Manche Schnipsel sind nicht größer als eine Daumenkuppe
Karina Jüngert und ihre Kollegen sitzen an Tischen in der Mitte eines Saales, der so groß wie ein Tennisplatz ist. Die Neonröhren an der Decke sehen aus, als wären sie noch dieselben wie zu Stasi-Zeiten. An allen vier Wänden stehen meterhohe Regale, vollgepackt mit grauen Schachteln, etwa halb so hoch wie Schuhkartons. Darin landen die vorsortierten Schnipsel. Jüngert holt sich einige davon an ihren Tisch. Worum es inhaltlich geht, ist für sie nicht wichtig. Es geht um die Größe, die entscheidet, ob die Schnipsel per Hand oder per Computer wieder zusammengesetzt werden. In einer Schachtel sind lauter Mini-Schnipsel, manche nicht größer als eine Daumenkuppe. An einigen hängen noch Büroklammern, manche mehrseitigen Unterlagen hat die Stasi auch zusammengetackert. Das stört.

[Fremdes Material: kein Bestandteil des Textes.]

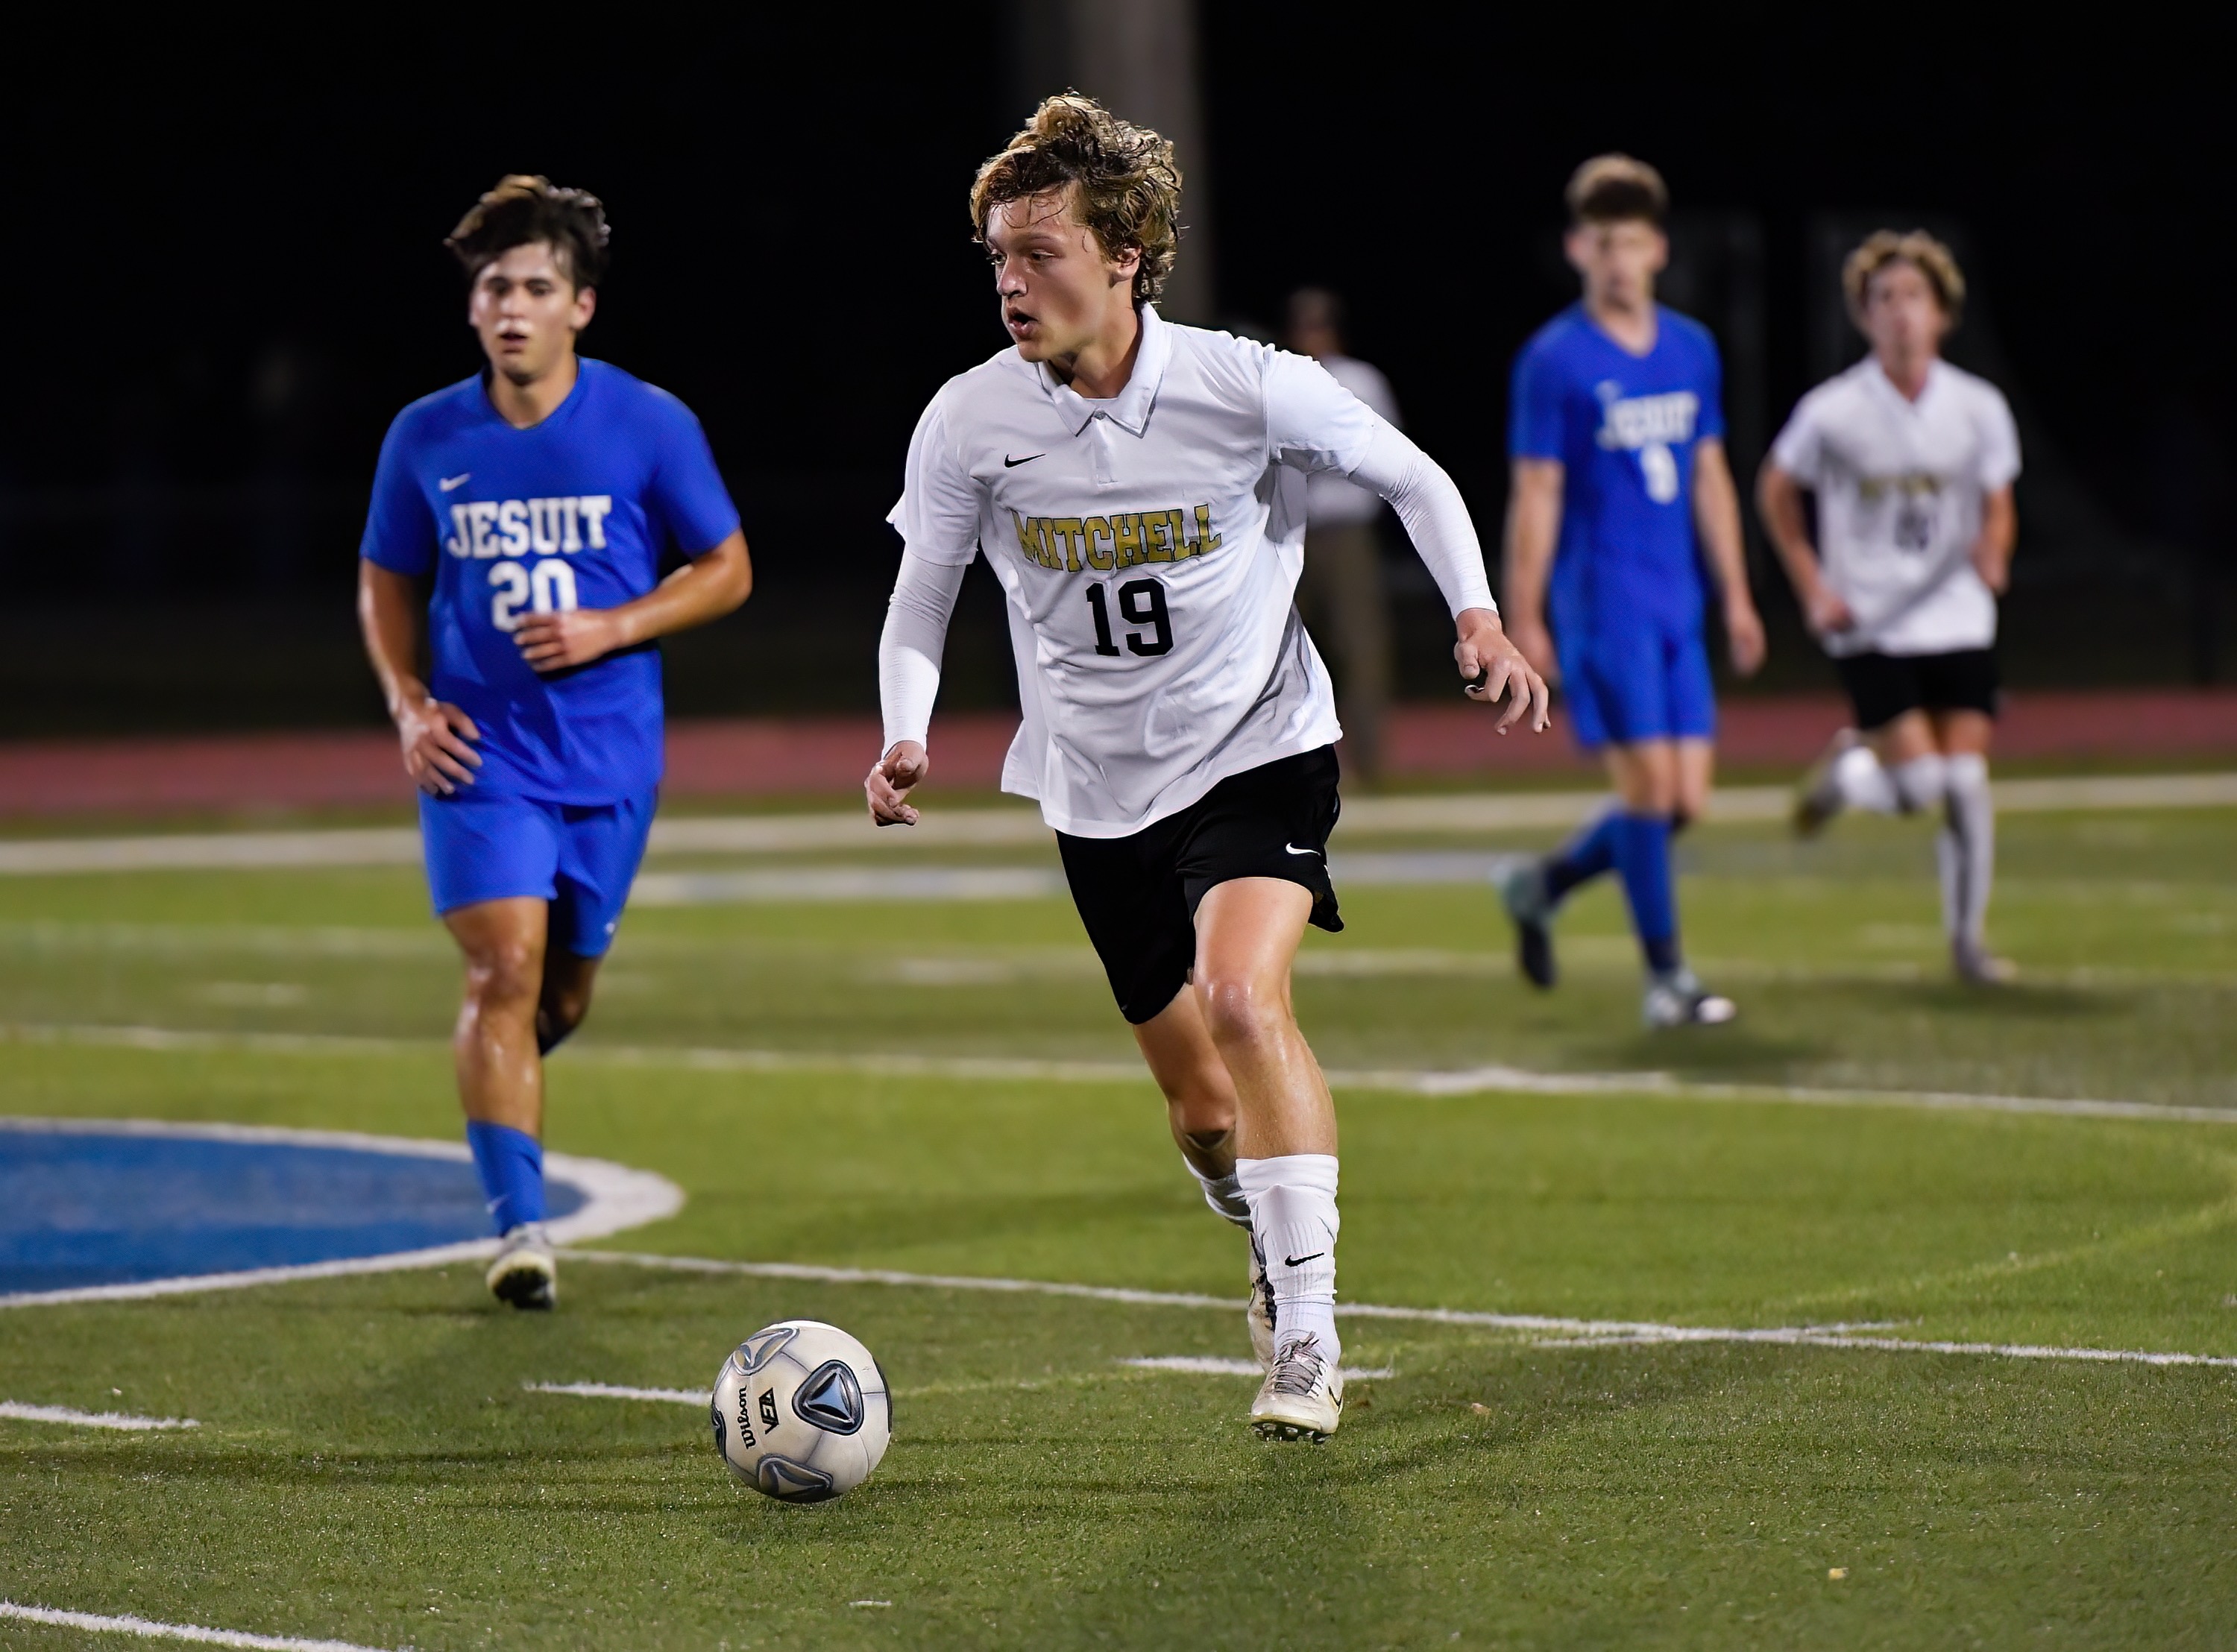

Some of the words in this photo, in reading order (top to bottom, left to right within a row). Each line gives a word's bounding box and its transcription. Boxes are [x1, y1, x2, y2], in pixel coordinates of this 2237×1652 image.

[448, 495, 612, 558] JESUIT
[1013, 504, 1222, 573] MITCHELL
[488, 558, 578, 633] 20
[1086, 578, 1174, 658] 19
[737, 1385, 756, 1449] Wilson

Karina Jüngert: "Ja hier, weil die Klammer natürlich auch den Scanner kaputt machen würde. Man muss das entfernen und trotzdem versuchen, solche Schichten beizubehalten, dass die Inhalte in der Reihenfolge durch den ganzen Prozess mitgezogen werden. Und am Ende - sollte die Seite sich dann vervollständigen - so auch wieder erschlossen werden kann."

Diese kleinen Schnipsel werden vom Computer zusammengesetzt. Eine andere Schachtel ist voller größerer Puzzleteile. Die schickt Jüngert zur nächsten Station im Haus weiter.

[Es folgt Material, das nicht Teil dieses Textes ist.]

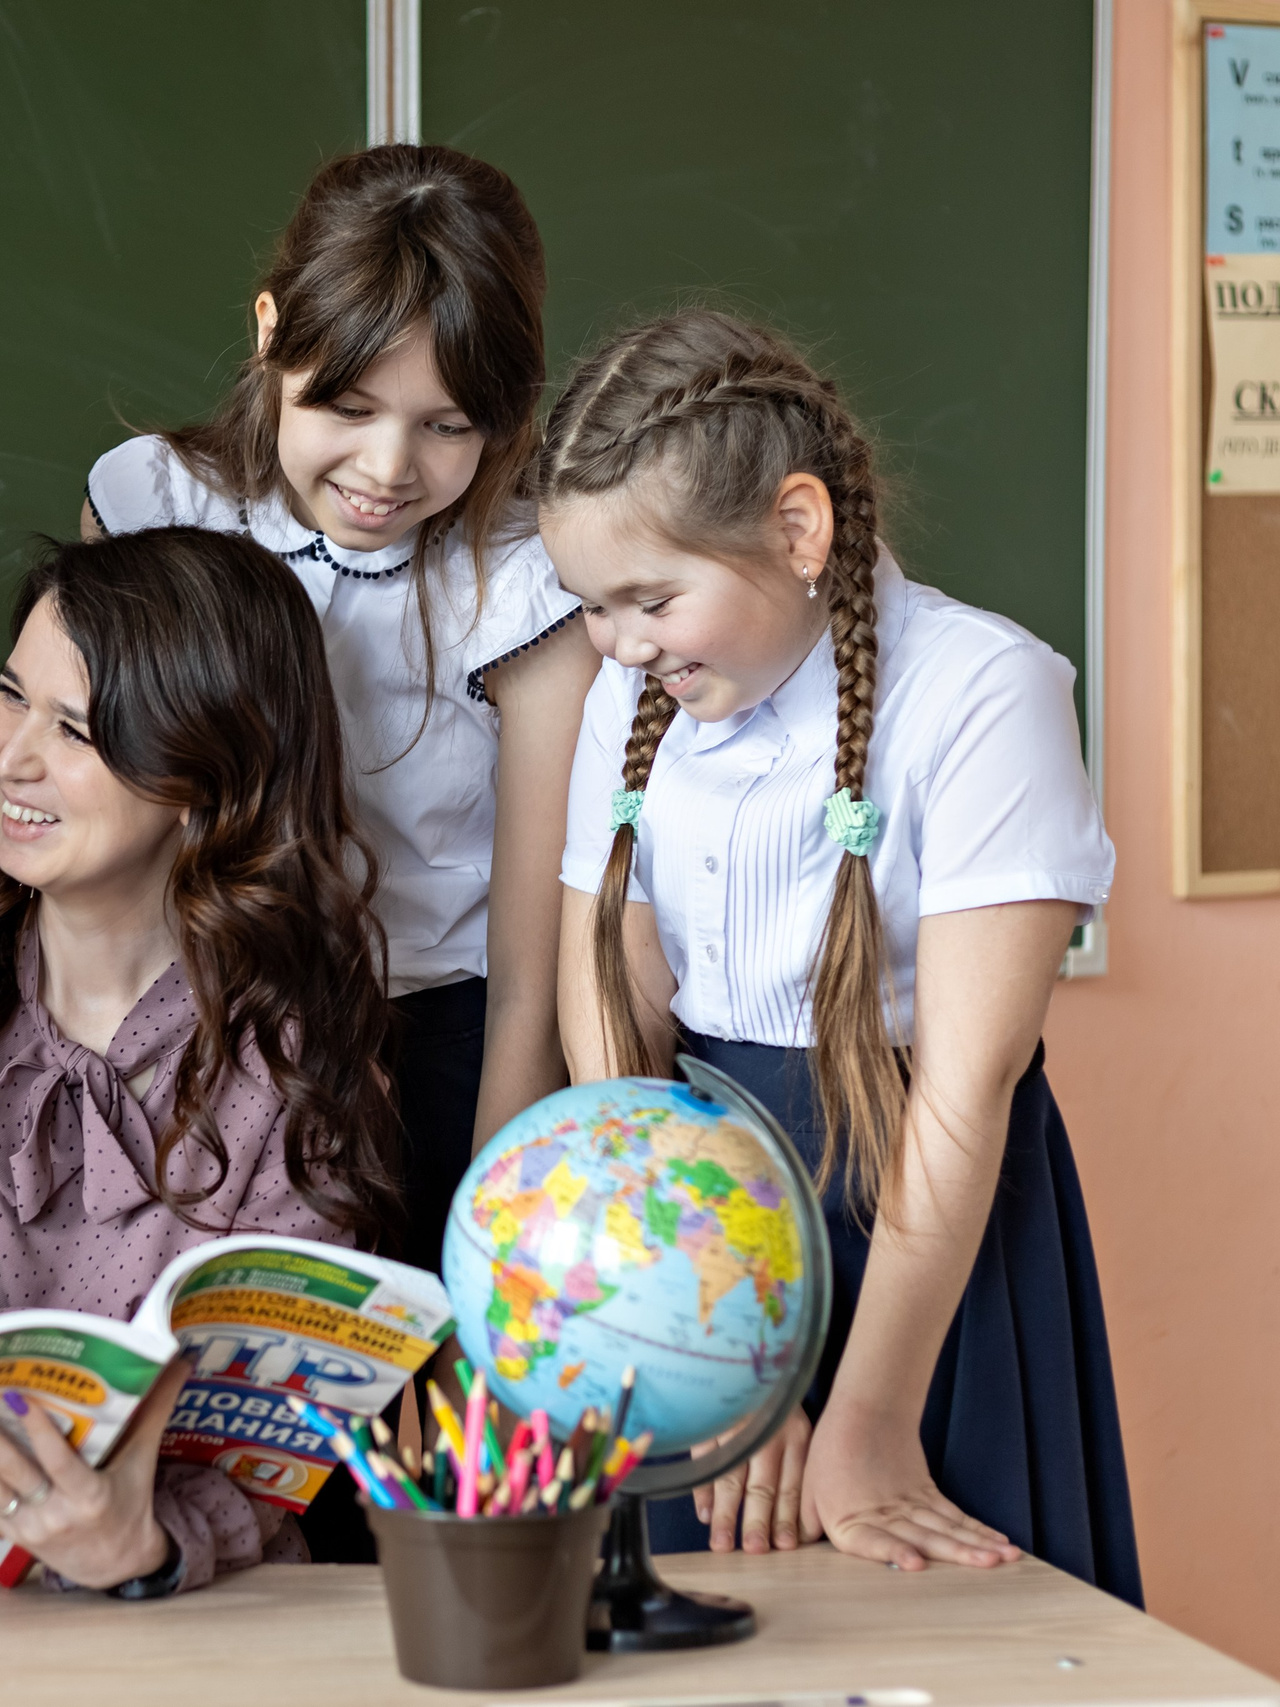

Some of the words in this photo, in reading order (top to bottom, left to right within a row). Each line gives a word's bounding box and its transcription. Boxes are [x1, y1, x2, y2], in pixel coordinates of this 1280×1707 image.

[1228, 57, 1250, 88] V
[1225, 203, 1244, 236] S
[349, 1328, 403, 1354] МИР
[177, 1389, 340, 1428] ПОВЫ
[167, 1408, 325, 1452] ДАНИЯ

Niels Sebastian ist dafür zuständig, dass aus den brisanten Schnipseln wieder brisante Dokumente werden. Der Teamleiter steht im Büro seiner Mitarbeiterin Ute Köhler. Ihr Schreibtisch ist voller rosa Karteikarten ‒ alle kreuz und quer zerrissen, aber nur in zwei oder drei Einzelteilen. Diese Schnipsel sind groß genug, um sie vorsichtig per Hand wieder zusammen zu basteln, mit ganz normalem Tesafilm. Dafür muss Ute Köhler die teilweise zerknüllten Einzelteile erst mal wieder glätten. Und das funktioniert nicht anders als bei Hemden ‒ mit einem Bügeleisen:

"Wenn man das nachher sieht, kommt es immer ganz einfach vor, man nimmt zwei Seiten und klebt sie zusammen. Aber wenn man das selber gemacht hat, das ist wirklich schwierig. Und man hat nur einen Versuch."

Denn wenn die Jahrezehnte alten Schnipsel einmal geklebt sind, kriegt man sie nicht mehr so leicht auseinander, ohne etwas kaputt zu machen.

"Erst den Himmel, dann die Wiese"
Mehrere Versuche gibt es bei der virtuellen Rekonstruktion der Mini-Schnipsel am Computer. Hier wird alles per Mausklick zusammengeklebt oder wieder getrennt. Dafür ist das Fraunhofer Institut am anderen Ende der Stadt zuständig. Robert Zimmermann ist einer der verantwortlichen Techniker. Er legt vier der winzigen Papierfetzen auf einen großen schwarzen Scanner:

"Das kann man sich vorstellen, wie wenn man selber puzzelt. Man hat eine große Menge Schnipsel und man möchte sie erst in kleine Menge unterteilen, die zusammenpassen. Also man hat eine Landschaft, dann sucht man sich Himmelteile raus, Wiesenteile raus und puzzelt erst den Himmel und dann die Wiese."

Bei den Stasi-Unterlagen zählen andere Merkmale: Welche Farbe hat das Papier? Ist es liniert oder kariert? Mit der Hand oder der Schreibmaschine geschrieben? In solche Kategorien ordnet der Scanner die Schnipsel ein. So sind sie bereit für den E-Puzzler. Die Software vergleicht, was nach Farbe oder Schriftform zusammenpasst, sie sucht zum Beispiel alle Teile zusammen, die grün, kariert und per Hand beschrieben sind.

"Sie sehen, die Menge ist kleiner geworden. Und somit kann man direkt puzzeln. Erst werden die Schnipsel paarweise bewertet, dann werden sie paarweise zusammengesetzt und das passiert dann so lange, bis eine Seite fertig ist oder bis keine Schnipsel mehr vorhanden sind, die mehr reinpassen."

Nach sechs Jahren und sechs Millionen Euro Entwicklungskosten ist die Pilotphase jetzt vorbei. Aus 400 Schnipselsäcken haben die Stasi-Unterlagenbehörde und das Fraunhofer-Institut mehr als eine Million Seiten an Dokumenten wieder zusammengesetzt ‒ per Hand oder per Computer. Das heißt aber auch: Die zerrissenen Stasi-Dokumente in über 15.000 Säcken warten noch, darauf durchsucht zu werden.